The integrated stress response (ISR) is activated in response to various stressors, including cancer. Activation of ISR results in a decrease in global translation and the induction of selected genes, including transcription factor ATF4, that together promote cellular recovery or death. The Kugel lab discovered that classical PDAC cells express high levels of ATF4 consistent with low translation levels. Conversely, they found that basal PDAC exhibited low ATF4 and, therefore, increased translation. Interestingly, the NAD-dependent deacetylase SIRT6 has previously been reported to bind to ATF4. Hence, the authors investigated whether the increase in ISR in the classical PDAC was due to the interaction between these proteins. The authors found that loss of SIRT6 resulted in a decrease in both ATF4 protein levels and ATF4 target gene levels. Although ATF4 is predominantly regulated through translation, the authors discovered that SIRT6 controls the stability of ATF4 protein in PDAC. Mechanistically, SIRT6 binds to ATF4 and localizes it to nuclear speckles, which protects ATF4 from proteasomal degradation.

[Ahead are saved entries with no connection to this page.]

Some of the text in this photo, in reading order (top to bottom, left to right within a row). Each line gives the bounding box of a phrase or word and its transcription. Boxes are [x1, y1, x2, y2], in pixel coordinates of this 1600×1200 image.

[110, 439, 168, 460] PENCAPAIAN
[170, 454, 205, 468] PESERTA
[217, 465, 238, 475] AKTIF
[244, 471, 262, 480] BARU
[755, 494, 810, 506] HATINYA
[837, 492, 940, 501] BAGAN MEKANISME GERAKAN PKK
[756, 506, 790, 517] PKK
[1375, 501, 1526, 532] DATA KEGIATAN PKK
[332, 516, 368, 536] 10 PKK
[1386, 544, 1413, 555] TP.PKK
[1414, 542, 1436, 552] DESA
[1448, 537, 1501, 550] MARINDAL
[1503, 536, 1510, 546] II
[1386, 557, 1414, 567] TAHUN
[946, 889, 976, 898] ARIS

Thus, SIRT6 stabilization of ATF4 enables transcriptional activation of ATF4 target genes and control of the ISR in classical PDAC.

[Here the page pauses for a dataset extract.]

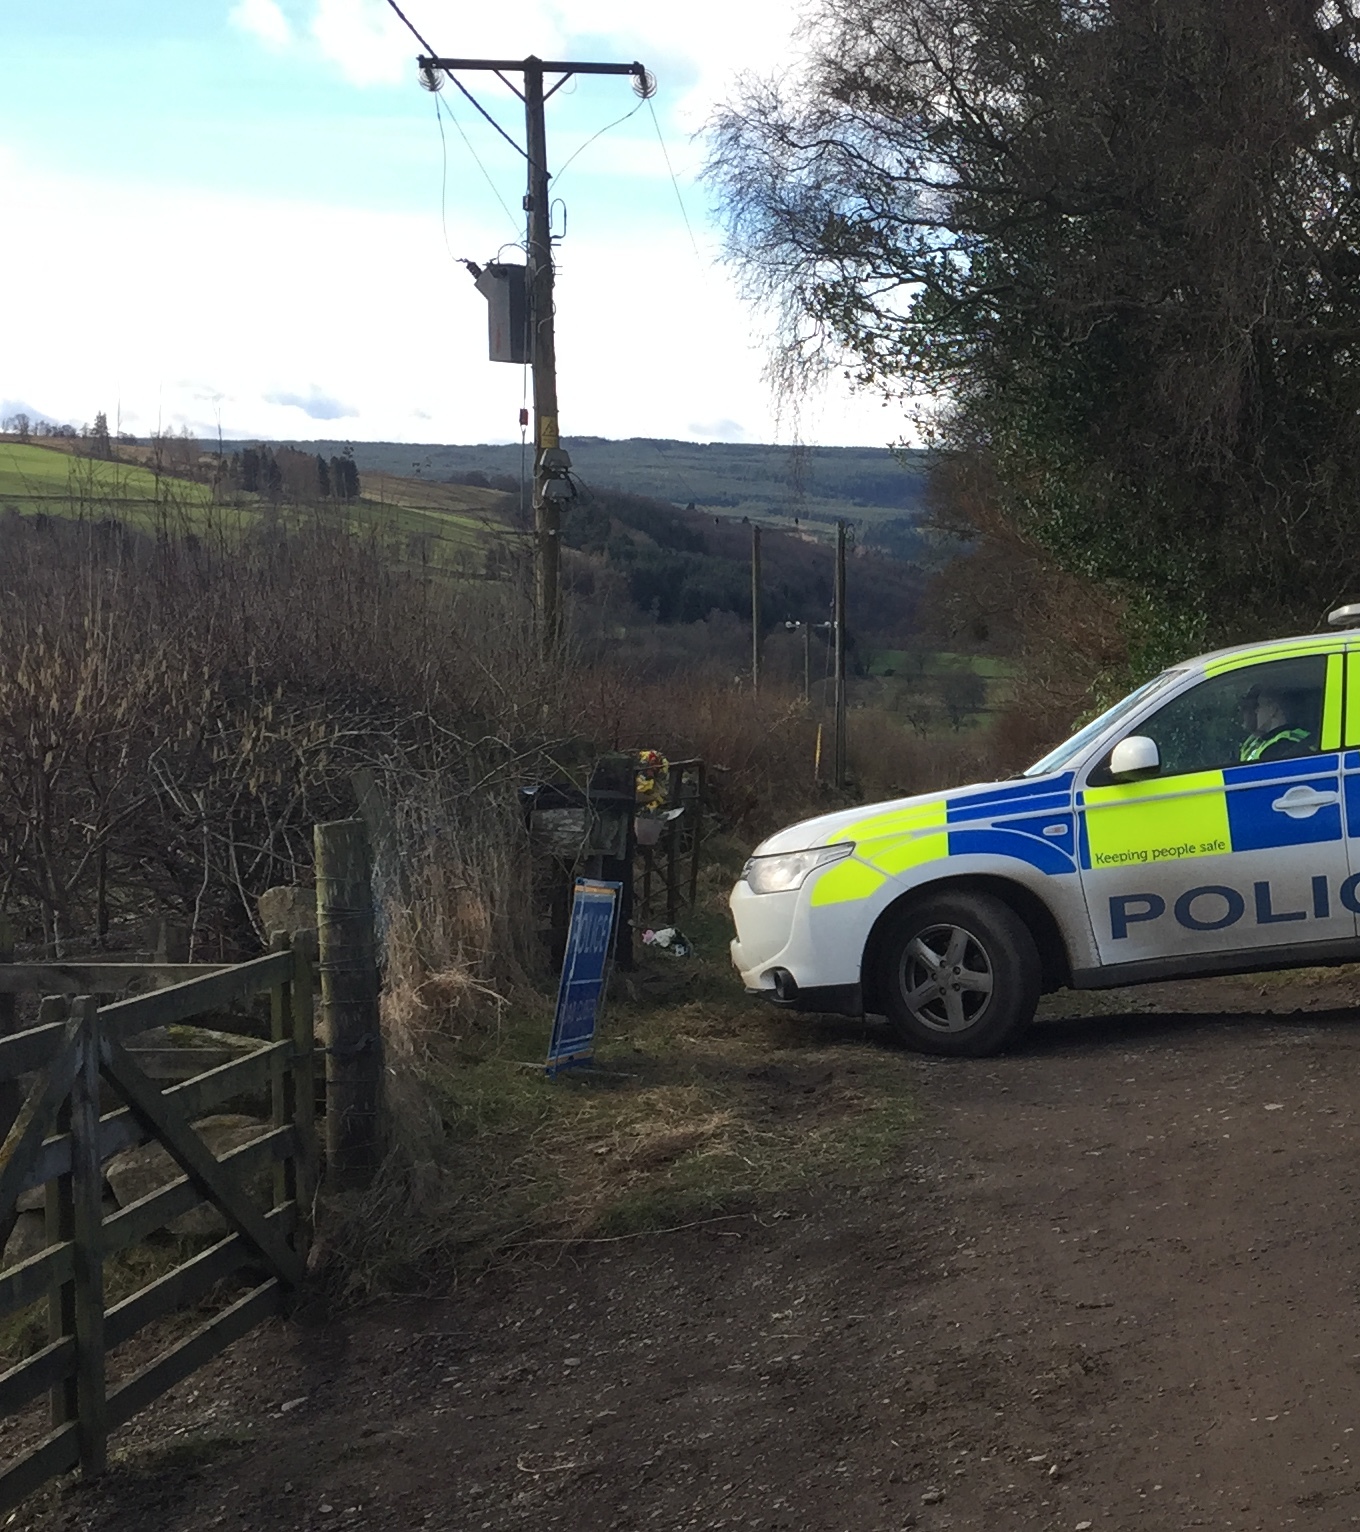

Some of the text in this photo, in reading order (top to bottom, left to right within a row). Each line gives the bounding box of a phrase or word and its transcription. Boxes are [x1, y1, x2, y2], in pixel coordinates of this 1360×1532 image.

[1095, 840, 1226, 865] Keeping people safe

Next, the authors examined whether ISR activation could protect basal PDAC cells from CDK7 inhibition. Activation of the ISR decreased cell death in basal PDAC cells following THZ1 treatment. In contrast, blocking ISR activation in classical PDAC cells increased cell death. Knocking down ATF4 in classical PDAC cells had the same effect. Finally, the authors validated their findings in vivo using the CDK inhibitor flavopiridol which is approved for use in the clinical. Immunocompetent mice were implanted with SIRT6 KO or wild-type (WT) PDAC organoids and then treated with flavopiridol. Unlike SIRT6 WT organoid tumors, SIRT6 KO organoid tumors could not grow in the presence of flavopiridol. In PDAC, SIRT6 expression correlates with the classical subtype and can be used to predict sensitivity to CDK inhibitors. “We have uncovered the mechanism by which regulation of a stress-induced pathway controls the sensitivity of PDAC to these inhibitors,” Jessica commented. In future work, the authors will continue investigating “PDAC subtypes to better understand their biological differences and identify more vulnerable pathways that can be targeted for therapeutic development,” Jessica concluded.

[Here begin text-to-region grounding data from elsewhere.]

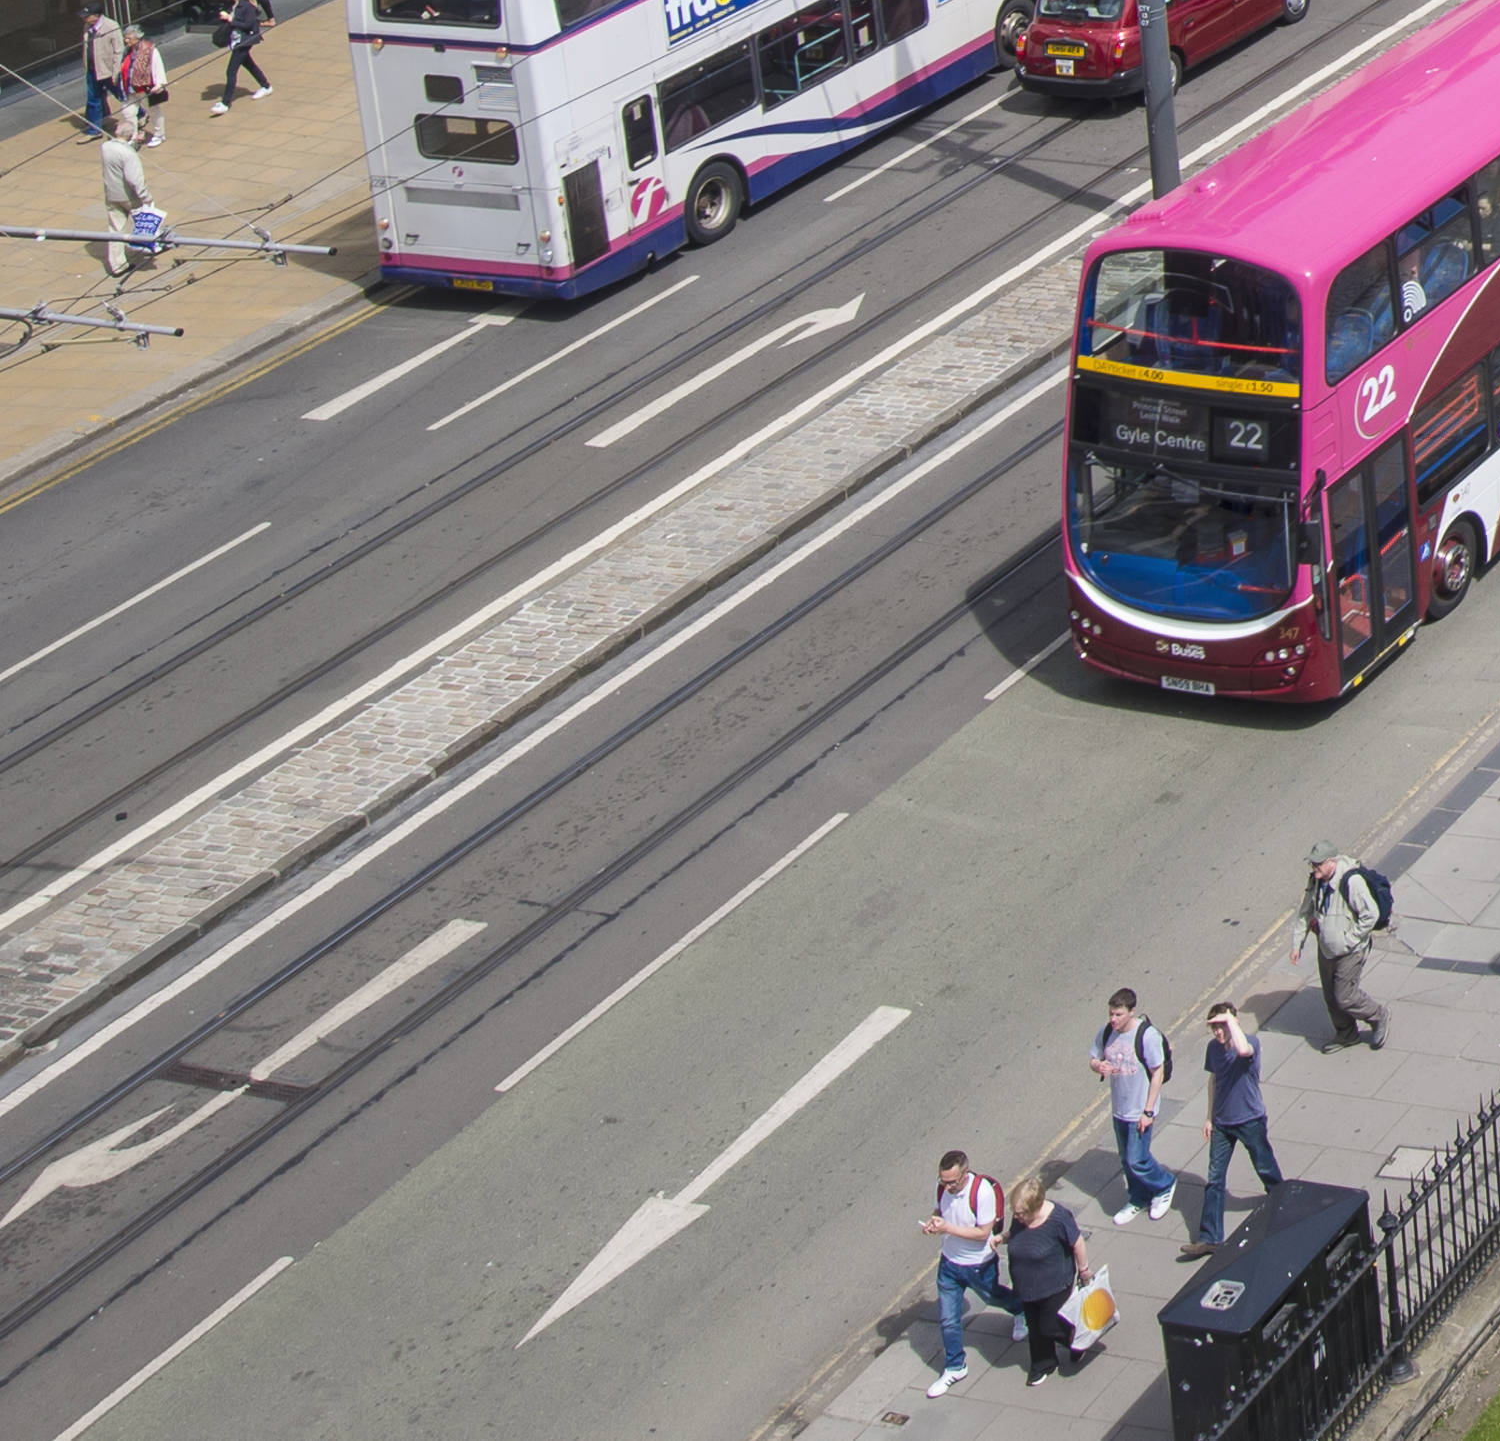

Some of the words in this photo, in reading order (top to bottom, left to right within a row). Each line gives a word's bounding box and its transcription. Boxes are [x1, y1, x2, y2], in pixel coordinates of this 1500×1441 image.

[1215, 379, 1243, 392] single
[1362, 364, 1397, 423] 22
[1163, 403, 1188, 417] Street
[1115, 424, 1150, 446] Gyle
[1154, 430, 1207, 452] Centre
[1229, 420, 1264, 450] 22
[1278, 626, 1299, 639] 347
[1171, 642, 1206, 661] Buses

The spotlighted research was supported by grants from the National Institute of Health, the V Foundation for Cancer Research, the Swim across America Pancreas Cancer Development Research Award, Chromosome Metabolism, Cancer training grant, America Cancer Society Postdoctoral Fellowship, and the Walter Benjamin fellowship from the German Research Foundation.
Fred Hutch/University of Washington/Seattle Children's Cancer Consortium members Andrew C. Hsieh and Sita Kugel contributed to this work.
Kartha N, Gianopulos JE, Schrank Z, Cavender SM, Dobersch S, Kynnap BD, Wallace-Povirk A, Wladyka CL, Santana JF, Kim JC, Yu A, Bridgwater CM, Fuchs K, Dysinger S, Lampano AE, Notta F, Price DH, Hsieh AC, Hingorani SR, Kugel S. Sirtuin 6 is required for the integrated stress response and resistance to inhibition of transcriptional cyclin-dependent kinases. Sci Transl Med. 2023 May 3;15(694):eabn9674. doi: 10.1126/scitranslmed.abn9674.